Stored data
━━━━━━━━━━
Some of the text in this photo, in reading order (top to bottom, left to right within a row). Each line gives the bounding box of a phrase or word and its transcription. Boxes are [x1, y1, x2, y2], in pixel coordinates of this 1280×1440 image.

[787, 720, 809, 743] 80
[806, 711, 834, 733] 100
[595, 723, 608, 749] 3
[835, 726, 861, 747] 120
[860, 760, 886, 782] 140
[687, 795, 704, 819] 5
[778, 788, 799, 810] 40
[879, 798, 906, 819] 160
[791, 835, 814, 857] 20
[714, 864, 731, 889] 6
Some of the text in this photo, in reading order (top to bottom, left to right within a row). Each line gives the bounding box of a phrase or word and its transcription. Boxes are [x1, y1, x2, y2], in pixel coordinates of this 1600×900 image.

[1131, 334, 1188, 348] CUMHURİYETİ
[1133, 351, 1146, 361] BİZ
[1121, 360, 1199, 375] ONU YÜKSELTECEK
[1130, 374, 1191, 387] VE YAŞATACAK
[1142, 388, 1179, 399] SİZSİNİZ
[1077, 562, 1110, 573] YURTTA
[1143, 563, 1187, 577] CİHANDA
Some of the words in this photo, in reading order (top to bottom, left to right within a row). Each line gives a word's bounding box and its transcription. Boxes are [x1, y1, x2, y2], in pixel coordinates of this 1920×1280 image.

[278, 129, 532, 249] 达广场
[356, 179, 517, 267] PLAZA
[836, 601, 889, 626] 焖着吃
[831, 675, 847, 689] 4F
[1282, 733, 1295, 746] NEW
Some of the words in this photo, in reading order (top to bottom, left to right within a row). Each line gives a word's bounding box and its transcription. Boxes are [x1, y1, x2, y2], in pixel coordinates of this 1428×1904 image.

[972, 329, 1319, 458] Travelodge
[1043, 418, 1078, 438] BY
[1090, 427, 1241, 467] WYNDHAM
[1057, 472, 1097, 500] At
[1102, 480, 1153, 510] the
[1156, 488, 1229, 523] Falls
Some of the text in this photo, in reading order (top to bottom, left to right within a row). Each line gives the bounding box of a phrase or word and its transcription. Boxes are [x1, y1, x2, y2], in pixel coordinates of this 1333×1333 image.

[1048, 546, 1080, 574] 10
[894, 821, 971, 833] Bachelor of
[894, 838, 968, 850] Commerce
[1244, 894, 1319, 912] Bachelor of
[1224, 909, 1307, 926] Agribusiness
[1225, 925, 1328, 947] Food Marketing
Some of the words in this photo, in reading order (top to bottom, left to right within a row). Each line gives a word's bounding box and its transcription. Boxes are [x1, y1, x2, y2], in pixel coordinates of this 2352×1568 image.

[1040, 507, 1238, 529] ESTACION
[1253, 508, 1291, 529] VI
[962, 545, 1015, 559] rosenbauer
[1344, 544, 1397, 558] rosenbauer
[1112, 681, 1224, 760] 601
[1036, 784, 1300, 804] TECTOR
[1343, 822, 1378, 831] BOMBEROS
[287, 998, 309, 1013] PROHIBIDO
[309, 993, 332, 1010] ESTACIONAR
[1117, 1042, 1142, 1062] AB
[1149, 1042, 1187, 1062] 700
━━━━━━━━━━
While keeping every line the same, please copy out all the records.

## Reply to the task
Some of the text in this photo, in reading order (top to bottom, left to right within a row). Each line gives the bounding box of a phrase or word and its transcription. Boxes are [x1, y1, x2, y2], in pixel coordinates of this 1280×1440 image.

[787, 720, 809, 743] 80
[806, 711, 834, 733] 100
[595, 723, 608, 749] 3
[835, 726, 861, 747] 120
[860, 760, 886, 782] 140
[687, 795, 704, 819] 5
[778, 788, 799, 810] 40
[879, 798, 906, 819] 160
[791, 835, 814, 857] 20
[714, 864, 731, 889] 6
Some of the text in this photo, in reading order (top to bottom, left to right within a row). Each line gives the bounding box of a phrase or word and its transcription. Boxes are [x1, y1, x2, y2], in pixel coordinates of this 1600×900 image.

[1131, 334, 1188, 348] CUMHURİYETİ
[1133, 351, 1146, 361] BİZ
[1121, 360, 1199, 375] ONU YÜKSELTECEK
[1130, 374, 1191, 387] VE YAŞATACAK
[1142, 388, 1179, 399] SİZSİNİZ
[1077, 562, 1110, 573] YURTTA
[1143, 563, 1187, 577] CİHANDA
Some of the words in this photo, in reading order (top to bottom, left to right within a row). Each line gives a word's bounding box and its transcription. Boxes are [x1, y1, x2, y2], in pixel coordinates of this 1920×1280 image.

[278, 129, 532, 249] 达广场
[356, 179, 517, 267] PLAZA
[836, 601, 889, 626] 焖着吃
[831, 675, 847, 689] 4F
[1282, 733, 1295, 746] NEW
Some of the words in this photo, in reading order (top to bottom, left to right within a row). Each line gives a word's bounding box and its transcription. Boxes are [x1, y1, x2, y2], in pixel coordinates of this 1428×1904 image.

[972, 329, 1319, 458] Travelodge
[1043, 418, 1078, 438] BY
[1090, 427, 1241, 467] WYNDHAM
[1057, 472, 1097, 500] At
[1102, 480, 1153, 510] the
[1156, 488, 1229, 523] Falls
Some of the text in this photo, in reading order (top to bottom, left to right within a row). Each line gives the bounding box of a phrase or word and its transcription. Boxes are [x1, y1, x2, y2], in pixel coordinates of this 1333×1333 image.

[1048, 546, 1080, 574] 10
[894, 821, 971, 833] Bachelor of
[894, 838, 968, 850] Commerce
[1244, 894, 1319, 912] Bachelor of
[1224, 909, 1307, 926] Agribusiness
[1225, 925, 1328, 947] Food Marketing
Some of the words in this photo, in reading order (top to bottom, left to right within a row). Each line gives a word's bounding box and its transcription. Boxes are [x1, y1, x2, y2], in pixel coordinates of this 2352×1568 image.

[1040, 507, 1238, 529] ESTACION
[1253, 508, 1291, 529] VI
[962, 545, 1015, 559] rosenbauer
[1344, 544, 1397, 558] rosenbauer
[1112, 681, 1224, 760] 601
[1036, 784, 1300, 804] TECTOR
[1343, 822, 1378, 831] BOMBEROS
[287, 998, 309, 1013] PROHIBIDO
[309, 993, 332, 1010] ESTACIONAR
[1117, 1042, 1142, 1062] AB
[1149, 1042, 1187, 1062] 700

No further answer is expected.